At 19:23 on July 27 the Alaska State Troopers were alerted to reports of an adult female who had rolled an ATV on Kashevaroff Mountain and sustained injuries. KISAR was contacted and a response initiated. KISAR member Nick Szabo began contacting KISAR members to determine availability. KISAR member Lydia Cullum arrived at Bayside Fire Hall and received additional information from the Emergency Department that the patient had altered mental status due to head trauma and possibly multiple orthopedic injuries. At 20:07 Cullum volunteered to go ahead of the rest of the KISAR group as a hasty team to provide medical assistance. In route to Kashevaroff, Cullum was contacted by Trooper Boyle who was on scene and was given details of the patient’s condition. At 20:35 Cullum was at the trailhead and met Trooper Walsh and Women’s Bay Fire volunteers that offered a “go bag” of medical supplies. Trooper Walsh provided ATV transportation to the site of the ATV rollover (57.6883°, -152.5828°). At 20:48 Cullum arrived on scene. An adult female was found lying on her left side under an emergency blanket. A quick trauma assessment was completed identifying multiple possible injuries. The patient was placed in a c-collar, a splint was placed on the patient’s right hand, and the patient was kept in the position of comfort on her left side. A helicopter extraction was determined to be the best option given the possible extent of the patient’s injuries and the level of discomfort she was in. Trooper Boyle initiated contacting the Coast Guard at 21:03. The rest of the KISAR team including Doug Dorner, Paul VanDyke, Steven Wielebski, Michael Gibbs, Kyle Setta, Shea Long, and Chris Bruno arrived at 21:10. Maintaining c-spine precautions the KISAR team lifted the patient into the KISAR Stokes basket. KISAR coordinated with the Coast Guard via radio communications to determine the best method of extracting the patient. KISAR members carried the patient in the stokes basket to a location 60 feet below the accident where the helicopter could partially land. The KISAR team loaded the patient directly into the helicopter at the direction of the CG rescue swimmer. The KISAR team hiked out with the patient’s family and Alaska State Troopers. All members were off the mountain at 23:18.

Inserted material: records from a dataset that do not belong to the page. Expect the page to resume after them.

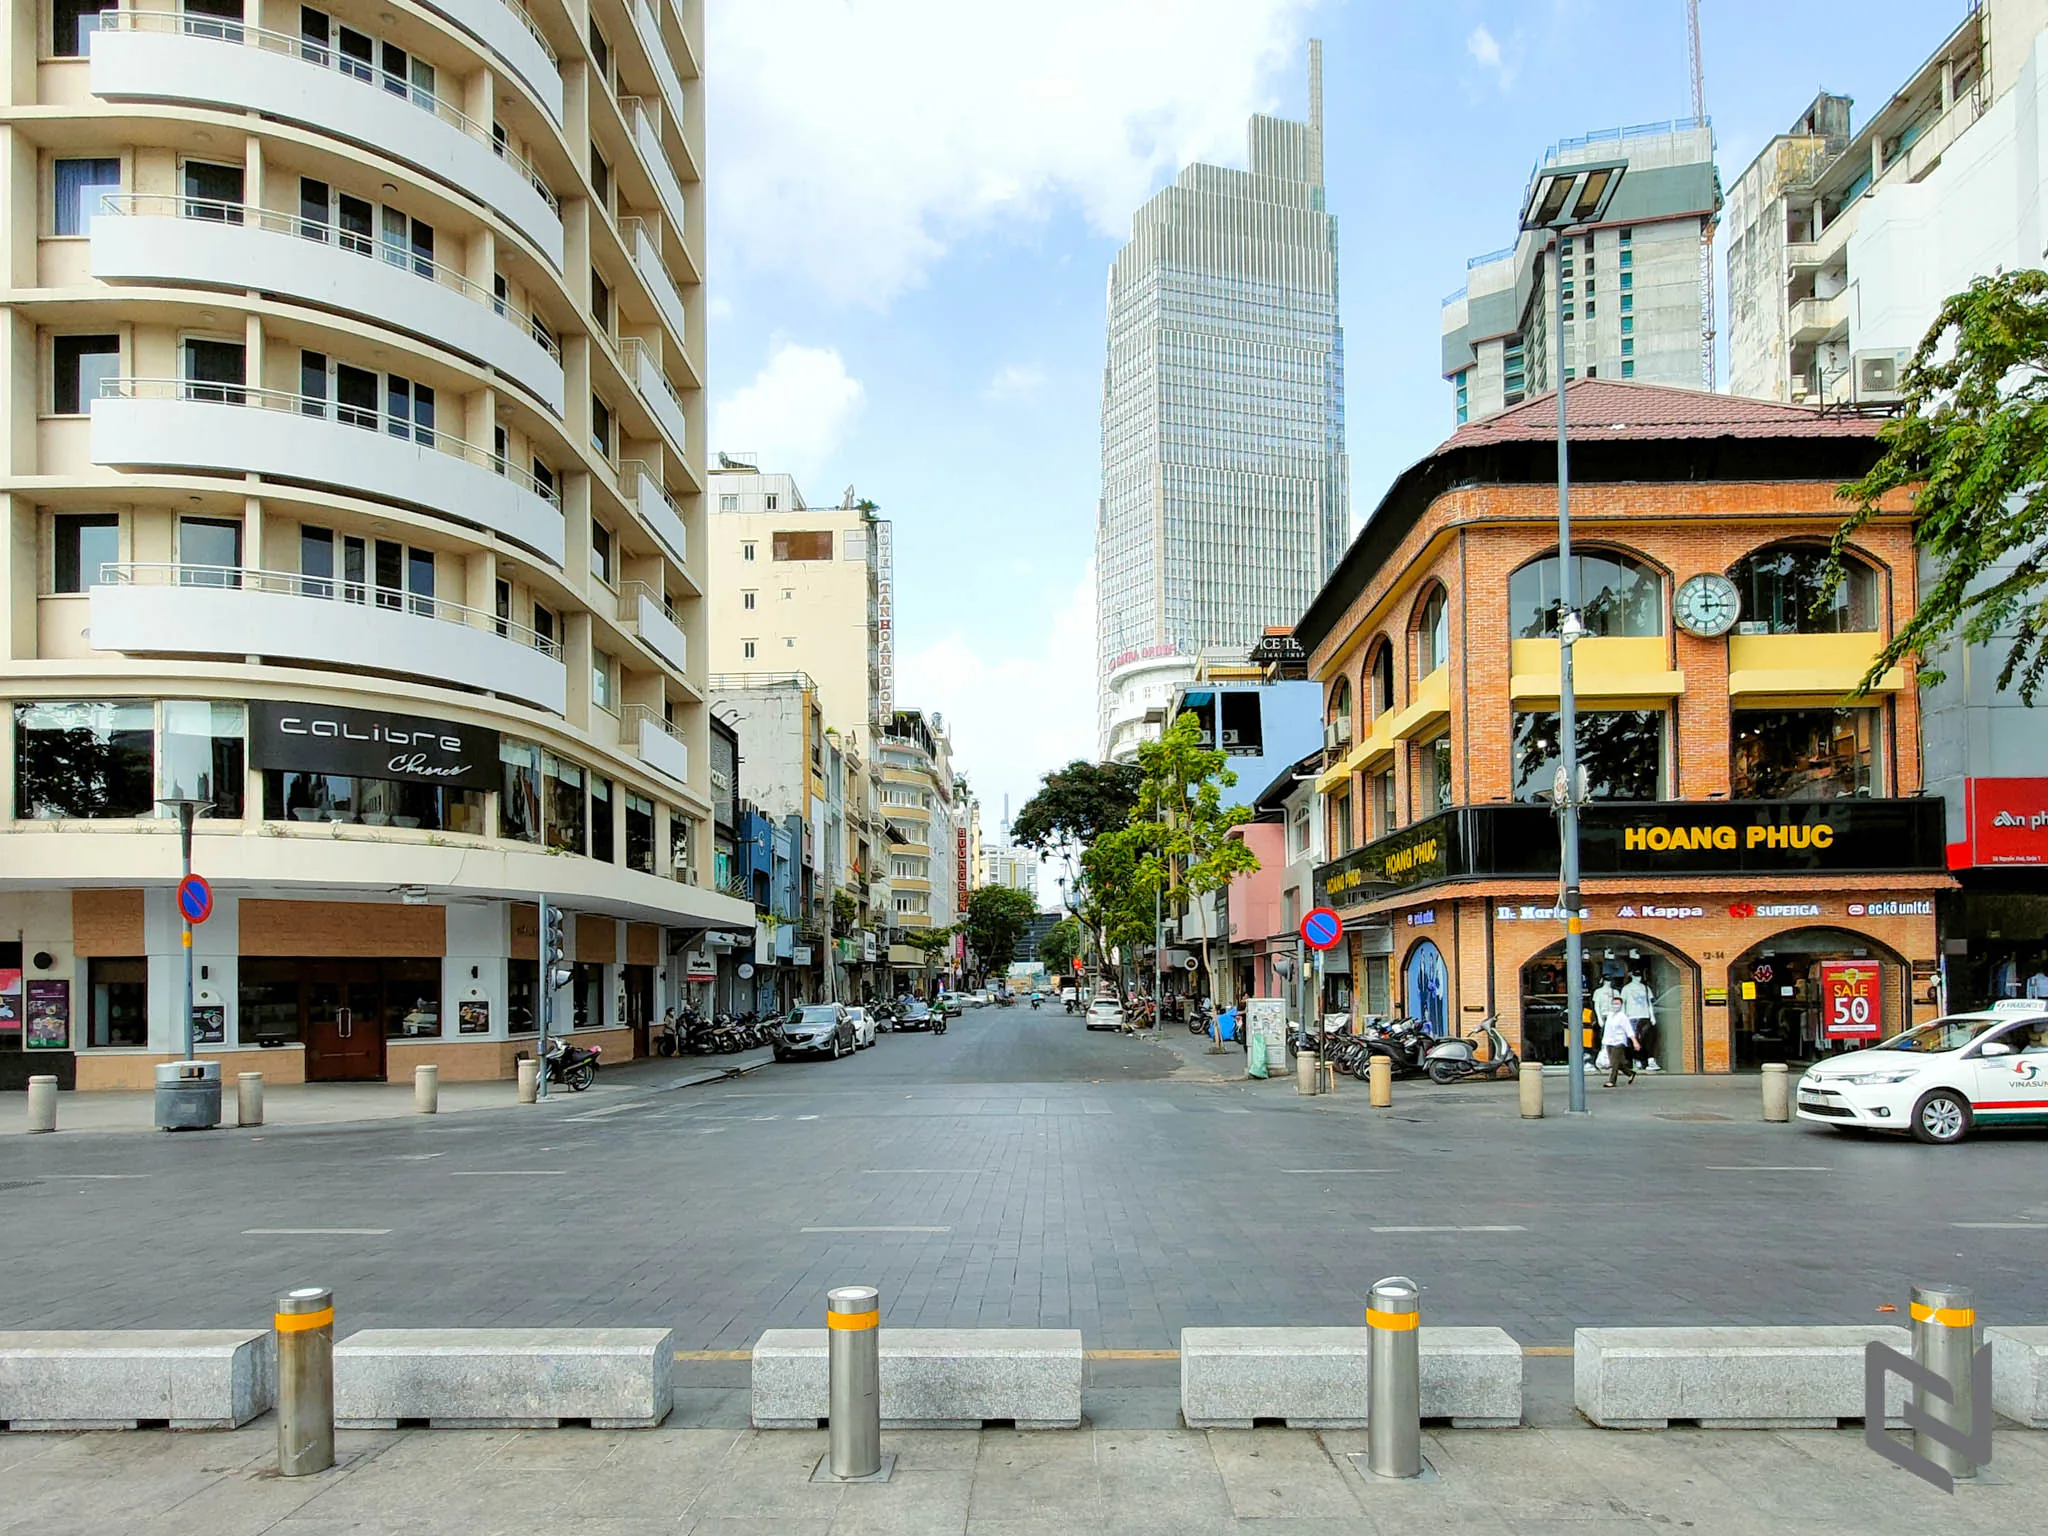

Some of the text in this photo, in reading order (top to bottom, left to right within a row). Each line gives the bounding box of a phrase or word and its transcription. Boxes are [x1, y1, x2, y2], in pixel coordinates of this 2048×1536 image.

[1624, 824, 1834, 850] HOANG PHUC
[1385, 838, 1437, 876] HOANG PHUC
[1520, 906, 1590, 920] Martes
[1642, 905, 1704, 918] Kappa
[1756, 904, 1820, 917] SUPERGA
[1833, 984, 1869, 997] SALE

A young man and woman departed Mission Beach in kayaks on July 8 headed for Trident Basin and Crooked Island but were blown off course in the Woody Island Channel and made landfall on Woody Island near Icehouse Point instead. They had no means of communication with them and carried no supplies. They were reported overdue on the evening of July 8. The Alaska State Troopers contacted KISAR and a callout to members was initiated by KISAR member Nick Szabo. KISAR members responding were Ryan Cross, Lydia Cullum, Doug Dorner, Shae Long, Mike Sirofchuck, Philip Tschersich, Sharon and Steve Wielebski. Cross secured a skiff from KISAR member John Sikes and along with a Harbor Master’s skiff met the KISAR team at the float plane dock in Trident Basin at 10:00. USCG helicopters had been searching Crooked Island since around 08:30 and later located 2 abandoned kayaks on Woody Island just north of Icehouse Point. The KISAR team was directed to proceed to Woody Island. Just prior to KISAR’s, arrival a USCG helicopter spotted the 2 missing individuals coming out of the forest behind the Kodiak Baptist Mission property at Icehouse Point. Baptist Mission employees had skiffed over that morning, drawn by the helicopter activity at their property, and met the 2 missing kayakers. KISAR and the Alaska State Troopers arrived at the scene and KISAR offered warm clothing and a shuttle to the larger AST vessel. KISAR returned to Trident Basin and the effort was demobilized by 11:00.